◆ **INSTRUCTIONS FOR THE TASK**: All of the entries below need repeating exactly, apart from their images.
*** WORKING DATA Section Begins ***
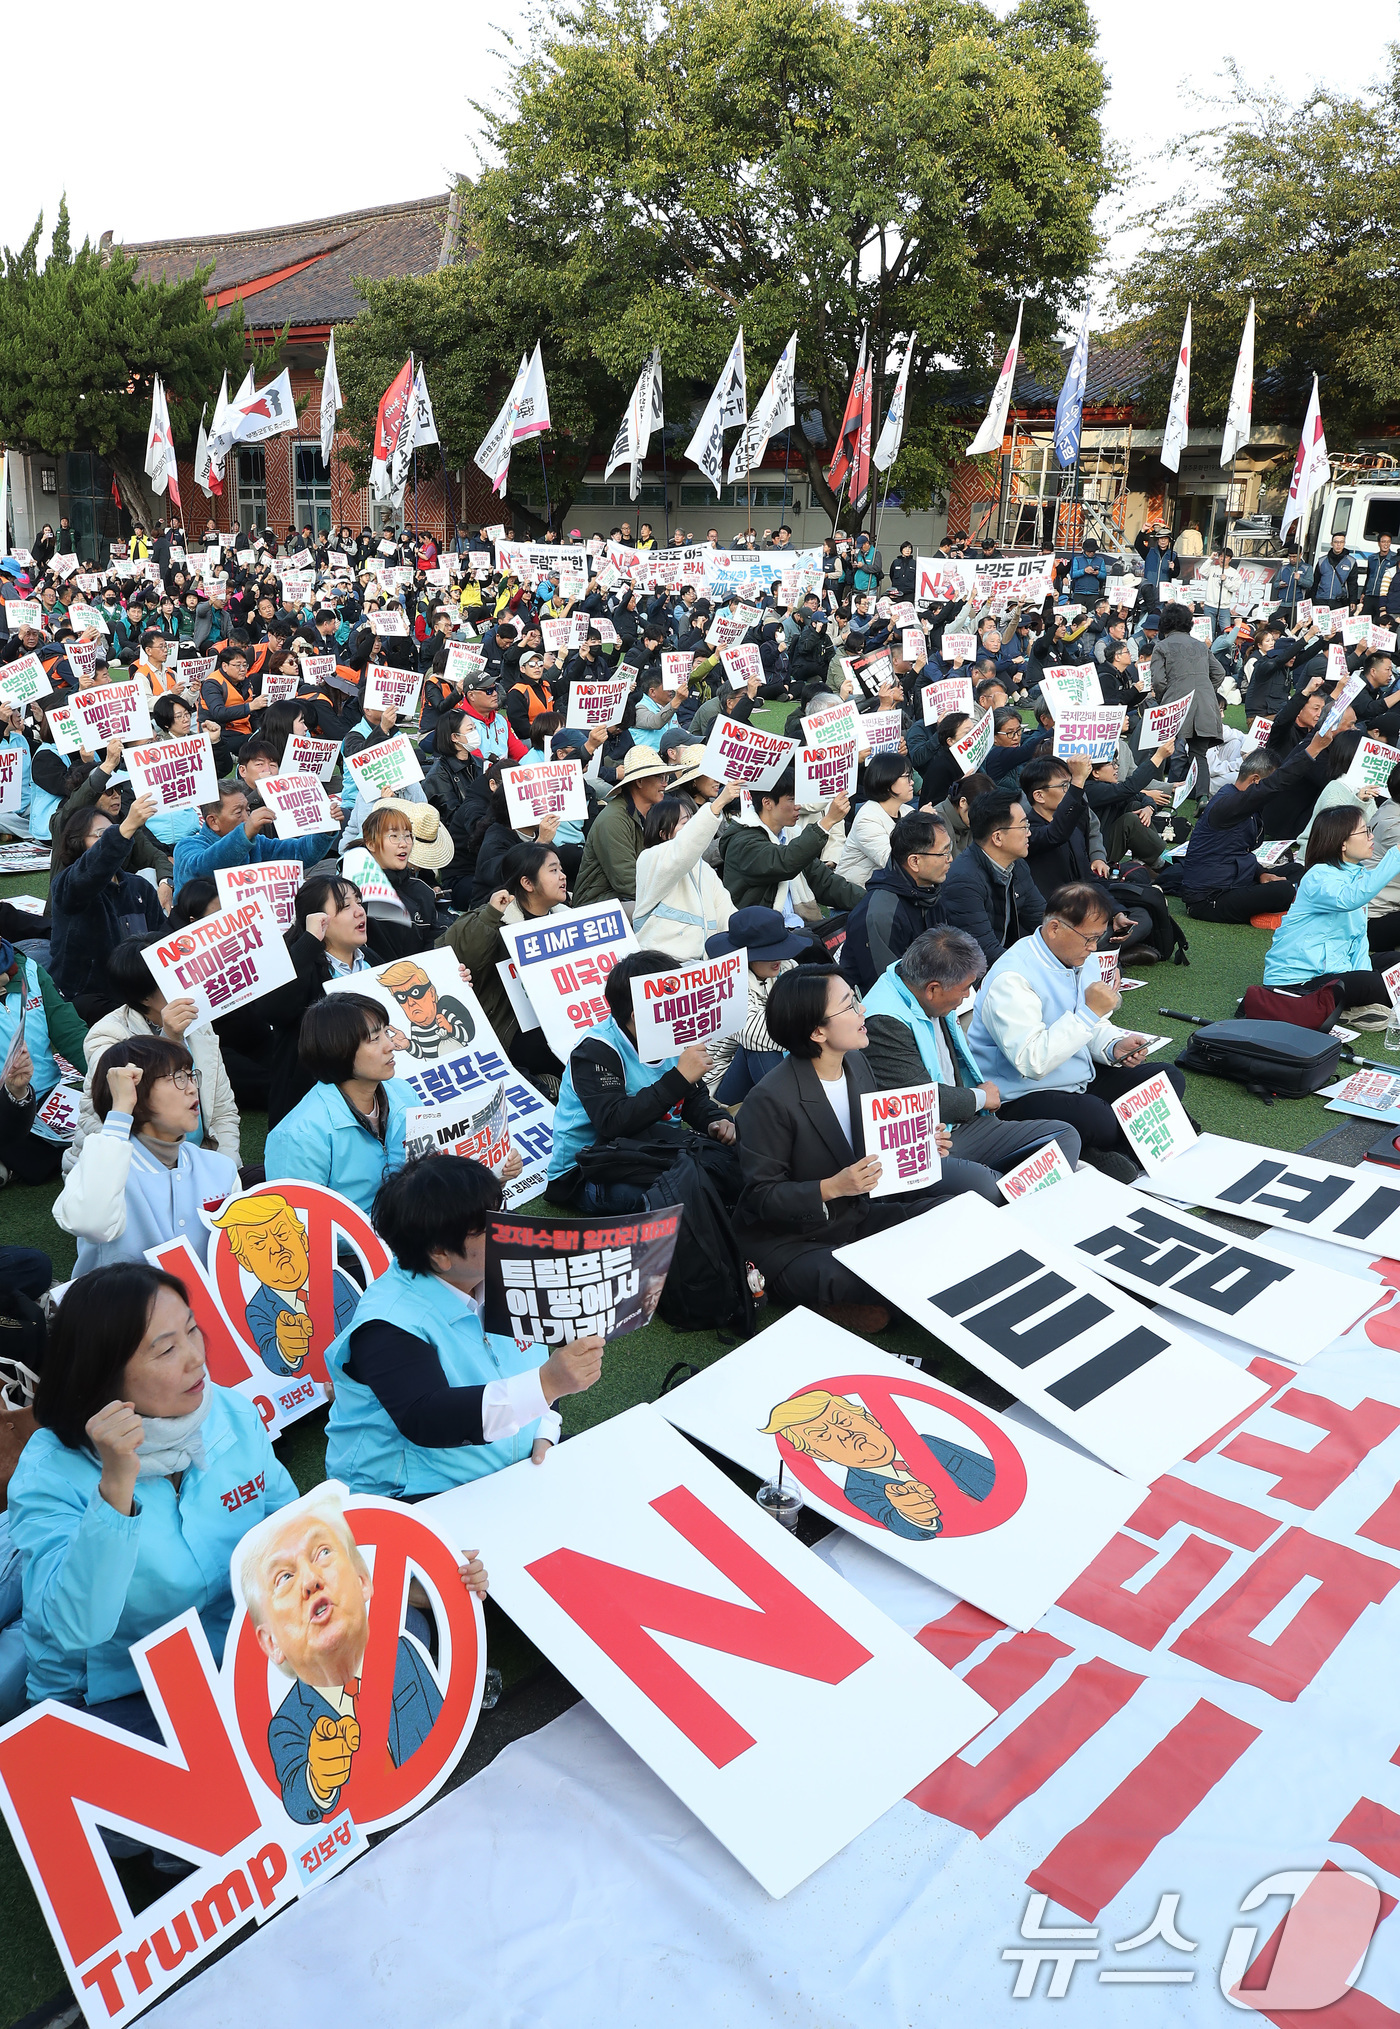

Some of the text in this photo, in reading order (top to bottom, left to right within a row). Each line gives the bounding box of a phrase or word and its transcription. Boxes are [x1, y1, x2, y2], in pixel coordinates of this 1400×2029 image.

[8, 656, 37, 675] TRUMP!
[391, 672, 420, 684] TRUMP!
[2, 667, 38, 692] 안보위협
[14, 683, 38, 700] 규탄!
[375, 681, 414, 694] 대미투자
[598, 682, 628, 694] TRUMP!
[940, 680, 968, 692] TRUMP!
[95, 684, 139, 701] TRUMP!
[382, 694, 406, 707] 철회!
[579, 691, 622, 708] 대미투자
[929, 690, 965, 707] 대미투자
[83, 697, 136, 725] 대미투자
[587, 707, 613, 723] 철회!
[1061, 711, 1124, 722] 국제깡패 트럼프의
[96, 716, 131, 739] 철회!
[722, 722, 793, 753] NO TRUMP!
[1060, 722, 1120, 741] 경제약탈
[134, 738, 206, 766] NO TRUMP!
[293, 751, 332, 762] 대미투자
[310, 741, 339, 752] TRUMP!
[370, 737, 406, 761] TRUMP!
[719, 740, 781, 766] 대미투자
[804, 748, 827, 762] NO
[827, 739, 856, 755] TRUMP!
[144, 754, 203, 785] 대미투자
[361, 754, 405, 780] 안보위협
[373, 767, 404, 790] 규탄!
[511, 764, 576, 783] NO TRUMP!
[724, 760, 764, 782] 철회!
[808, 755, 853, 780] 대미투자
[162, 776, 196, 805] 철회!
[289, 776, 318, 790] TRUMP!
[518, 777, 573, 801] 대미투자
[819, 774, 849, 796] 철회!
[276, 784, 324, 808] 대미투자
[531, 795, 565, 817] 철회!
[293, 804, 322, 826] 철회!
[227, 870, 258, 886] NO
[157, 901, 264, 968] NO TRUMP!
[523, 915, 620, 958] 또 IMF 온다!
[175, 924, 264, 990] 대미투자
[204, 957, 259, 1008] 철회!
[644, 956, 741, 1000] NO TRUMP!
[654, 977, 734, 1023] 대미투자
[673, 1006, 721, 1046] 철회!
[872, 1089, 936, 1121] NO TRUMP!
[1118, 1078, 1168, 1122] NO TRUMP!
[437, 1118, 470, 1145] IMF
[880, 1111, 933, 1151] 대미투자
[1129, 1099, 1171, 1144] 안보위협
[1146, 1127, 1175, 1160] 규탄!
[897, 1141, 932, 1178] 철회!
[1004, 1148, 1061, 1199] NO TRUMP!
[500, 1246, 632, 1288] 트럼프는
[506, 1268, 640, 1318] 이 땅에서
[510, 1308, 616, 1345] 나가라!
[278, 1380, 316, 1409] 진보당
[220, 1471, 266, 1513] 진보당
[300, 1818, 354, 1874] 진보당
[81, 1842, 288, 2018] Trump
*** WORKING DATA Section Ends ***
◆ **RESPONSE AREA**:
Some of the text in this photo, in reading order (top to bottom, left to right within a row). Each line gives the bounding box of a phrase or word and its transcription. Boxes are [x1, y1, x2, y2], in pixel coordinates of this 1400×2029 image.

[8, 656, 37, 675] TRUMP!
[391, 672, 420, 684] TRUMP!
[2, 667, 38, 692] 안보위협
[14, 683, 38, 700] 규탄!
[375, 681, 414, 694] 대미투자
[598, 682, 628, 694] TRUMP!
[940, 680, 968, 692] TRUMP!
[95, 684, 139, 701] TRUMP!
[382, 694, 406, 707] 철회!
[579, 691, 622, 708] 대미투자
[929, 690, 965, 707] 대미투자
[83, 697, 136, 725] 대미투자
[587, 707, 613, 723] 철회!
[1061, 711, 1124, 722] 국제깡패 트럼프의
[96, 716, 131, 739] 철회!
[722, 722, 793, 753] NO TRUMP!
[1060, 722, 1120, 741] 경제약탈
[134, 738, 206, 766] NO TRUMP!
[293, 751, 332, 762] 대미투자
[310, 741, 339, 752] TRUMP!
[370, 737, 406, 761] TRUMP!
[719, 740, 781, 766] 대미투자
[804, 748, 827, 762] NO
[827, 739, 856, 755] TRUMP!
[144, 754, 203, 785] 대미투자
[361, 754, 405, 780] 안보위협
[373, 767, 404, 790] 규탄!
[511, 764, 576, 783] NO TRUMP!
[724, 760, 764, 782] 철회!
[808, 755, 853, 780] 대미투자
[162, 776, 196, 805] 철회!
[289, 776, 318, 790] TRUMP!
[518, 777, 573, 801] 대미투자
[819, 774, 849, 796] 철회!
[276, 784, 324, 808] 대미투자
[531, 795, 565, 817] 철회!
[293, 804, 322, 826] 철회!
[227, 870, 258, 886] NO
[157, 901, 264, 968] NO TRUMP!
[523, 915, 620, 958] 또 IMF 온다!
[175, 924, 264, 990] 대미투자
[204, 957, 259, 1008] 철회!
[644, 956, 741, 1000] NO TRUMP!
[654, 977, 734, 1023] 대미투자
[673, 1006, 721, 1046] 철회!
[872, 1089, 936, 1121] NO TRUMP!
[1118, 1078, 1168, 1122] NO TRUMP!
[437, 1118, 470, 1145] IMF
[880, 1111, 933, 1151] 대미투자
[1129, 1099, 1171, 1144] 안보위협
[1146, 1127, 1175, 1160] 규탄!
[897, 1141, 932, 1178] 철회!
[1004, 1148, 1061, 1199] NO TRUMP!
[500, 1246, 632, 1288] 트럼프는
[506, 1268, 640, 1318] 이 땅에서
[510, 1308, 616, 1345] 나가라!
[278, 1380, 316, 1409] 진보당
[220, 1471, 266, 1513] 진보당
[300, 1818, 354, 1874] 진보당
[81, 1842, 288, 2018] Trump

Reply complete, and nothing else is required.